L’esperto afferma che la politica è cambiata nel 2014 quando è diventato più facile per i cittadini dello Sri Lanka ottenere l’asilo. Nel 2016 (dopo l’elezione di Sirisena) è cambiata di nuovo ed ottenere asilo è diventato più difficile. Ma ora l’OSAR chiede una rivalutazione di questa politica dopo l’elezione del presidente Gotabaya Rajapaksa nel novembre 2019. “Pensiamo che sia giunto il momento di effettuare nuove analisi che portino a una nuova politica”, afferma Schuster.

Interpellata sull’attuale politica del governo svizzero, la Segreteria di Stato della migrazione (SEM) afferma che attualmente non c’è motivo di supporre che interi gruppi etnici siano a rischio.

“Pertanto, la prassi di rimpatrio dei cittadini dello Sri Lanka, che non rispondono ai criteri di residenza in Svizzera, non è cambiata; la SEM continua a esaminare ogni singolo caso con attenzione e precisione.

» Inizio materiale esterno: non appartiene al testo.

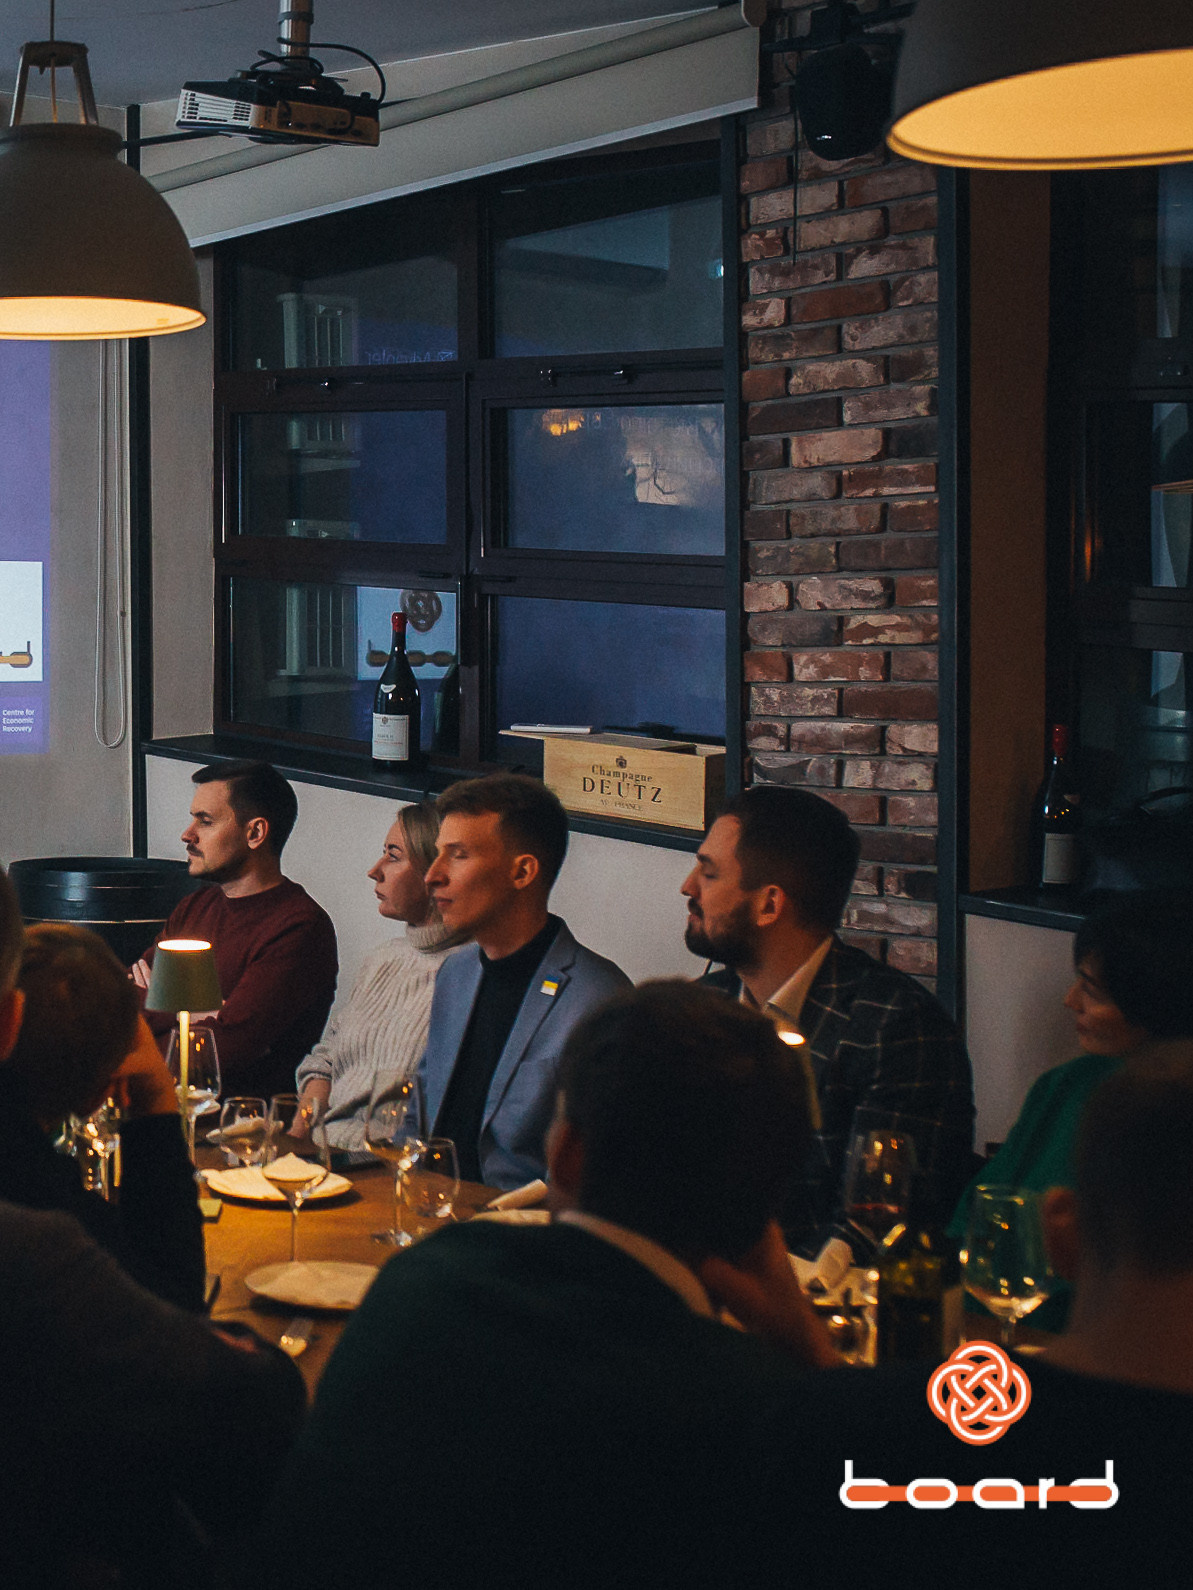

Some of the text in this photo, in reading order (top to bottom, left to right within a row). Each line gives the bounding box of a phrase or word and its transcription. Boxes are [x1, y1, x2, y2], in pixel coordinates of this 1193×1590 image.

[25, 708, 35, 716] for
[2, 717, 35, 725] Economic
[2, 725, 33, 733] Recovery
[591, 764, 653, 783] Champagne
[582, 776, 662, 803] DEUTZ
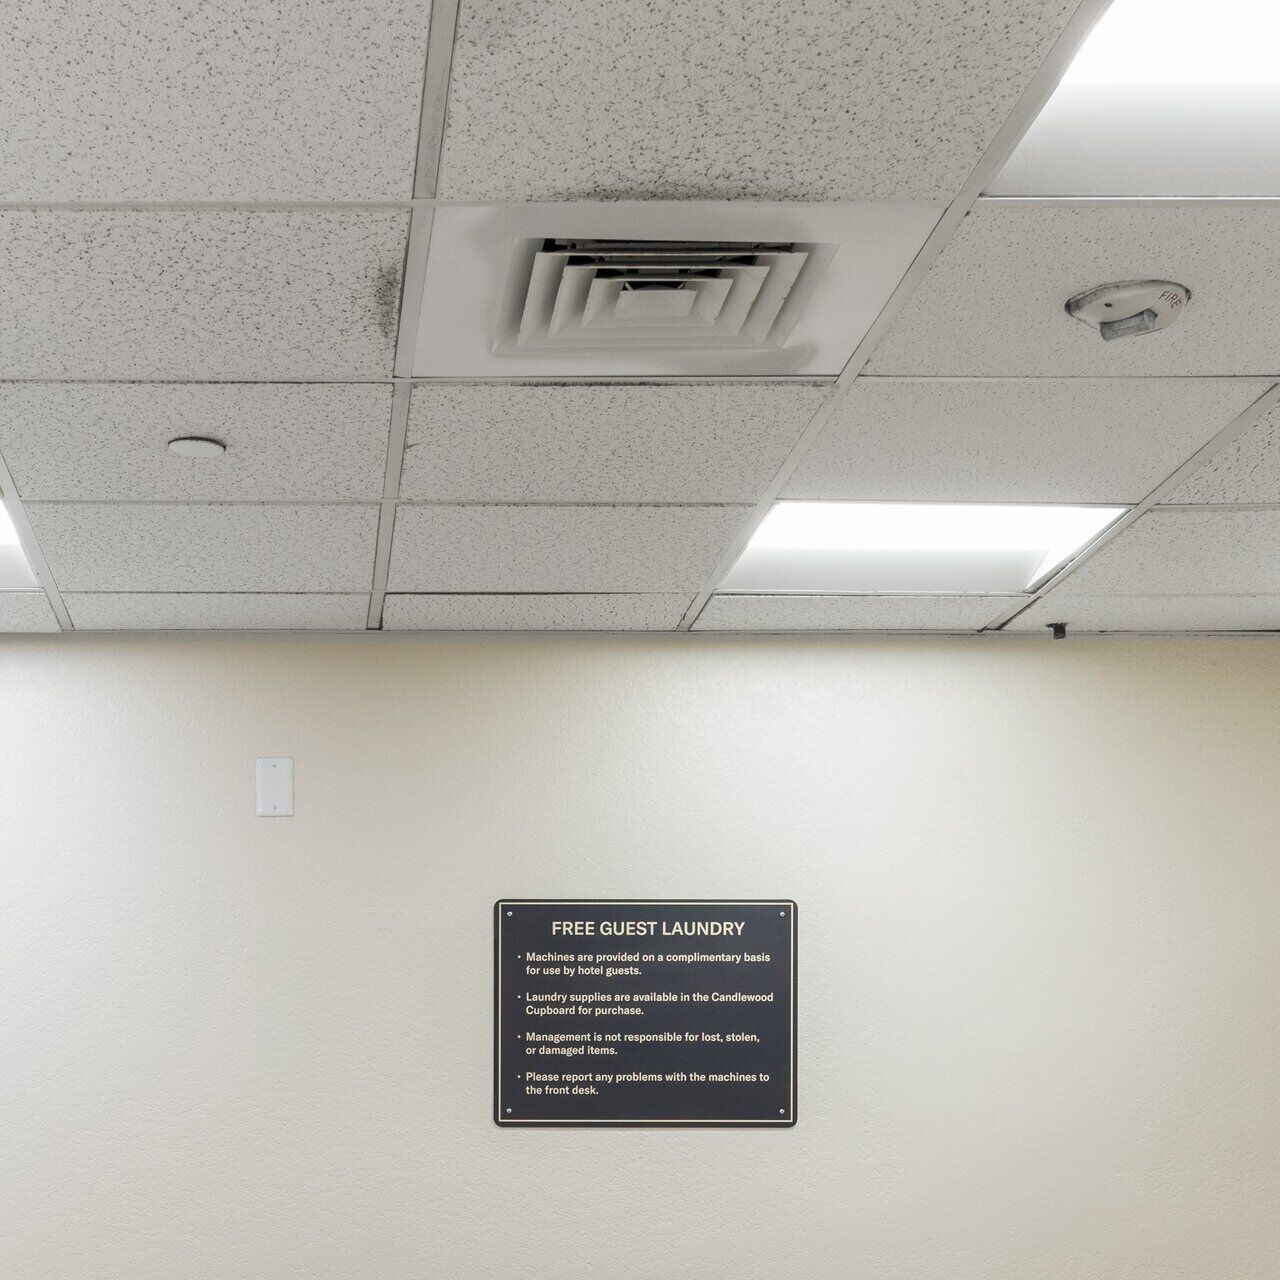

A causa della pandemia di Covid-19, i rimpatri sono posticipati, ma una sospensione generale non è attualmente prevista.”

Quindi, nonostante le preoccupazioni espresse dalla Svizzera al Consiglio dei diritti umani dell’ONU, la sua politica d’asilo nei confronti delle persone provenienti dallo Sri Lanka per il momento non cambia. I tamil in Svizzera continueranno senza dubbio a fare pressione insieme alle organizzazioni per i diritti umani.